Data from NSDL showed that FPIs outflow stood at 7,624 crore in the equity market in September. While money exited from equities, FPIs turned into net buyers in the debt market with an inflow of 4,012 crore.

In August, FPIs made their largest buying of the current year with an inflow of 51,204 crore. FPIs were net buyers in the first two months (July and August) of the second quarter of FY23.

Overall, the selloffs in September are sharply low compared to the first six months of 2022. Between January to June, FPIs pulled out a record 2,17,358 crore from the equity market. Currently, June witnessed the most selling in the year with an outflow of 50,203 crore.

Year-to-date, FPIs outflow stands at 1,68,789 crore from the equity market.

Coming to FIIs, as per StockEdge data, these foreign investors have carried an outflow of 18,308.30 crore in September from domestic equities. In August, the inflow of 22,025.62 crore was recorded.

Last week, the major focus was on RBI's policy. In September 2022 policy, the central bank hiked the repo rate by 50 basis points for the third time in a row -- taking the key rate to 5.9%. So far in FY23, RBI has made four consecutive hikes in repo rate by 190 basis points.

Meanwhile, MPC decided to remain focused on the withdrawal of accommodation to ensure that inflation remains within the target going forward while supporting growth. RBI continues to see India's economic growth at a 7% level for FY23, while they set the inflation target of 6.7% for the overall fiscal.

Indian markets reacted positively to RBI's 4th hike on Friday. Domestic equities halted their 7 days losing streak. Sensex closed at 57,426.92 higher by 1,016.96 points or 1.80%. Nifty 50 ended at 17,094.35 up by 276.25 points or 1.64%. While the rupee strengthened slightly against the US dollar, and a slowdown in foreign investors' funds' outflow was also recorded.

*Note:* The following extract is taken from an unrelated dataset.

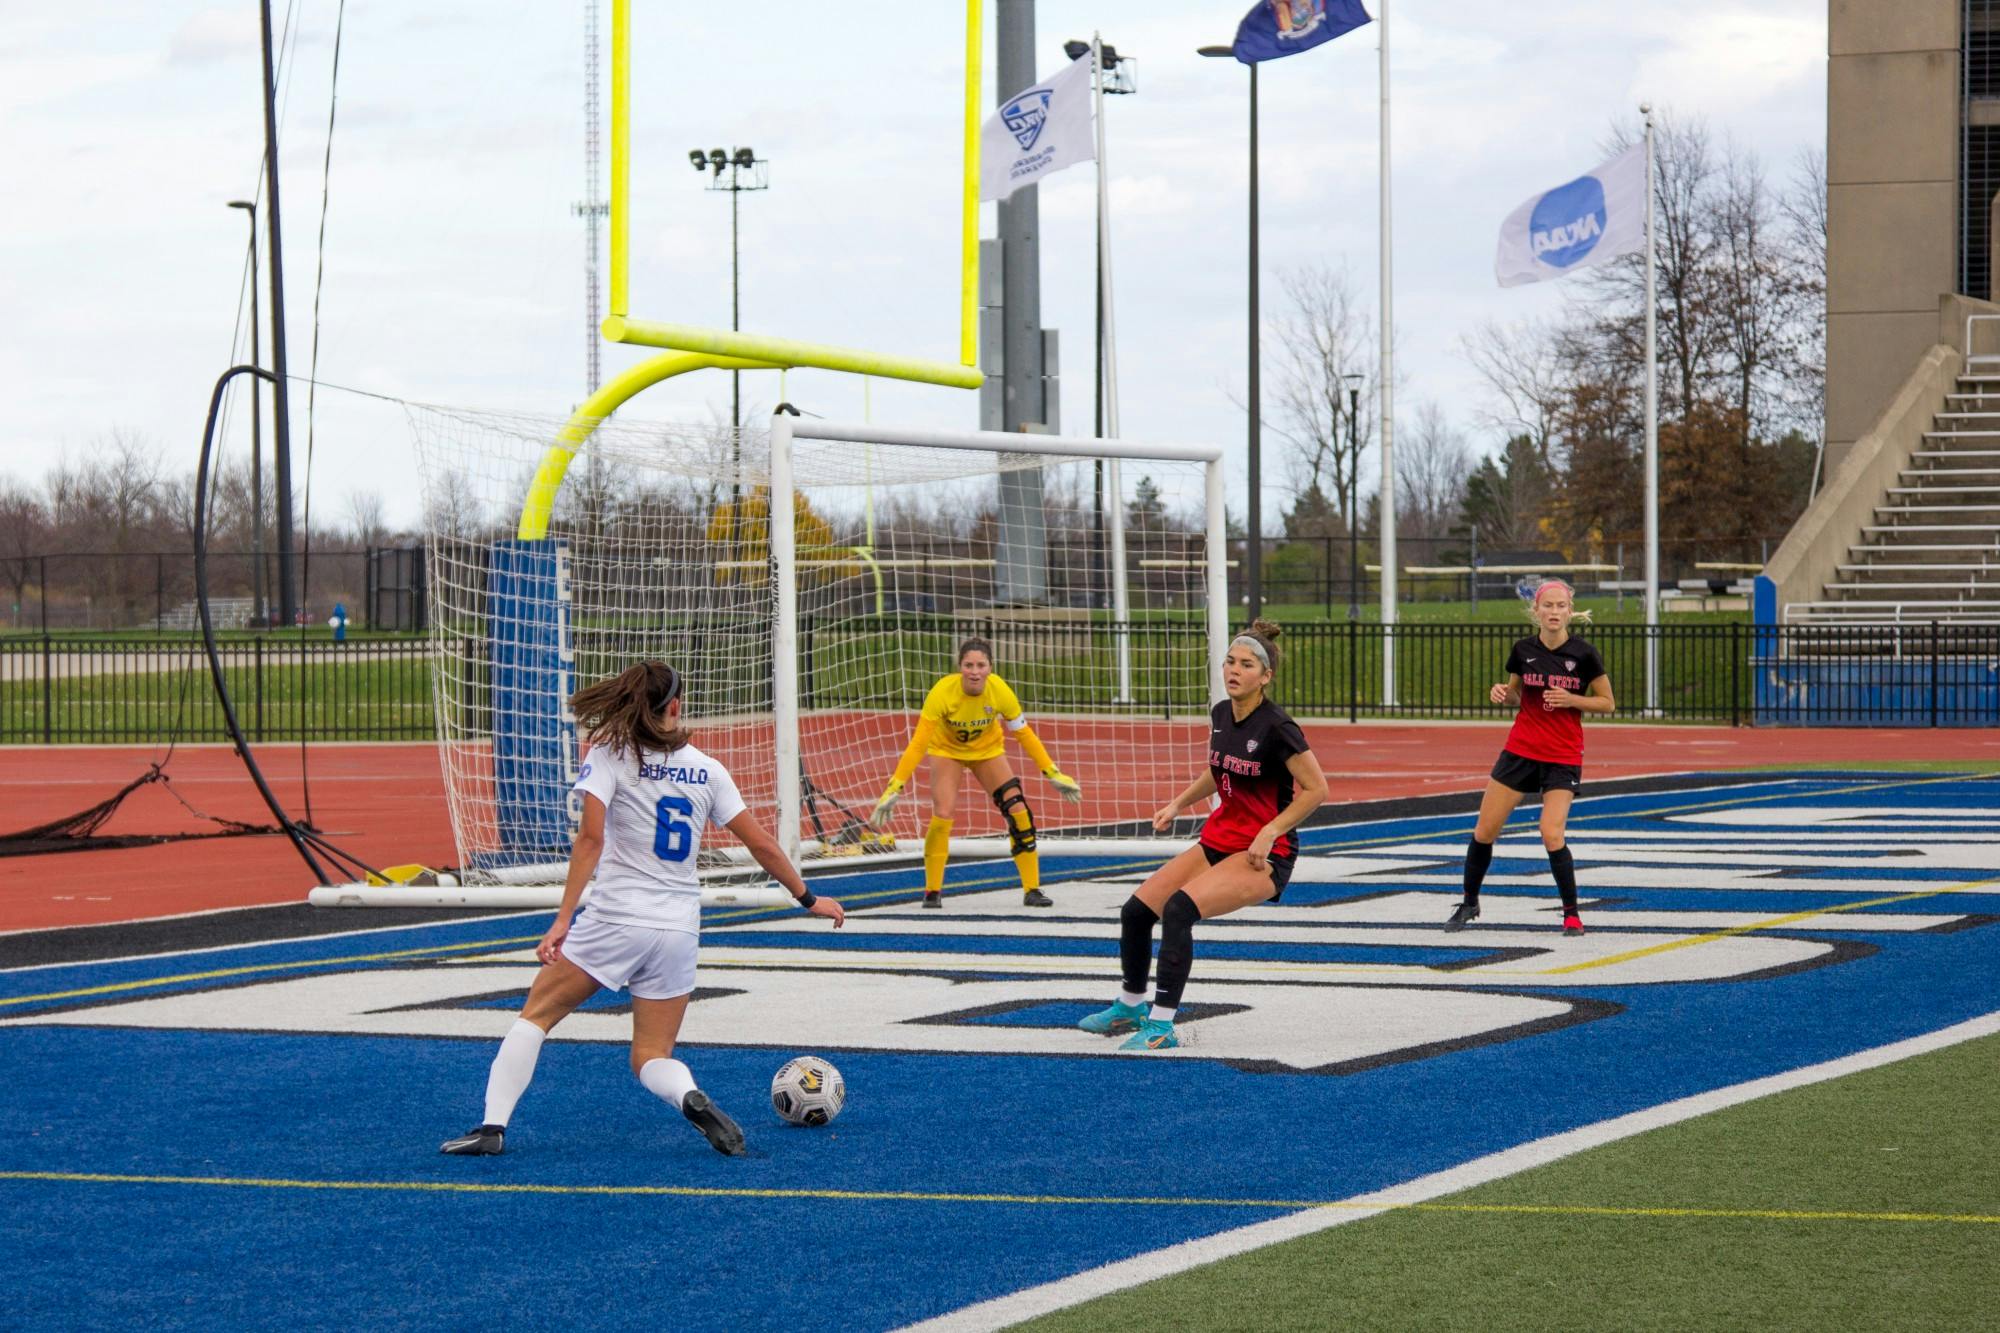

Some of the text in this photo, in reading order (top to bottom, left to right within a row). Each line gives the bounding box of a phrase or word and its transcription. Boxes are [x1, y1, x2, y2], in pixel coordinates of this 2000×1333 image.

[639, 763, 708, 785] BUFFALO
[1209, 750, 1262, 777] LL STATE
[653, 795, 694, 863] 6

What to expect from FPIs in October?

For their October 2022 insights report, Dr. V K Vijayakumar (Chief Investment Strategist) at Geojit Financial Services explained that it is important to understand that retail/DIIs are the dominant players in the market now. The share of retail investors, DIIs, and FPIs in the daily cash market volume in the exchanges are 52%, 29%, and 19% respectively. Retail/DIIs are in a formidable position unlike in the past when FPIs used to call the shots. Retail investors have been buying on every dip in this market and DIIs flush with funds have

been absorbing the massive selling by the FPIs. This new market paradigm has altered the rules of the game.

Vijaykumar said, "If we take the period from July 2021 to June 2022, FPIs sold equity worth 4,09,221 crore through stock exchanges. This massive selling didn’t impact the market much since this period witnessed DII buying to the tune of 3,28,493 crore (Source: NSDL). The number of Demat accounts surging from 40.9 million in March 2020 to above 100 million in August 2022 reflects unprecedented retail investor enthusiasm. This has stood the market in good stead."

The Geojit strategist believes FPIs have learned that exit from the Indian market is easy but entry is difficult and expensive. He said, "When FPIs try to buy 5% of the stocks that they sold, prices surge making their re-entry to the market expensive."

"India has the best growth and earnings story among the large economies of the world for at least the next couple of years. That’s why

FPIs are buying in India now even when the US 10-year bond yield is above 3.4% and the dollar index is hovering around 110."

Further, Vijaykumar said, "There is global consensus that this year and the next, India will be the fastest growing large economy in the world. India’s GDP is expected to grow around 7% in FY23 and 6.4% in FY24. India’s corporate earnings are on an upcycle. Corporate profit to GDP which had touched a recent trough of 2% is now above 4% and is well on track to go beyond 6% during the next 3 to 4 years. This will result in an explosive growth in profitability resulting in increasing FPI inflows into India."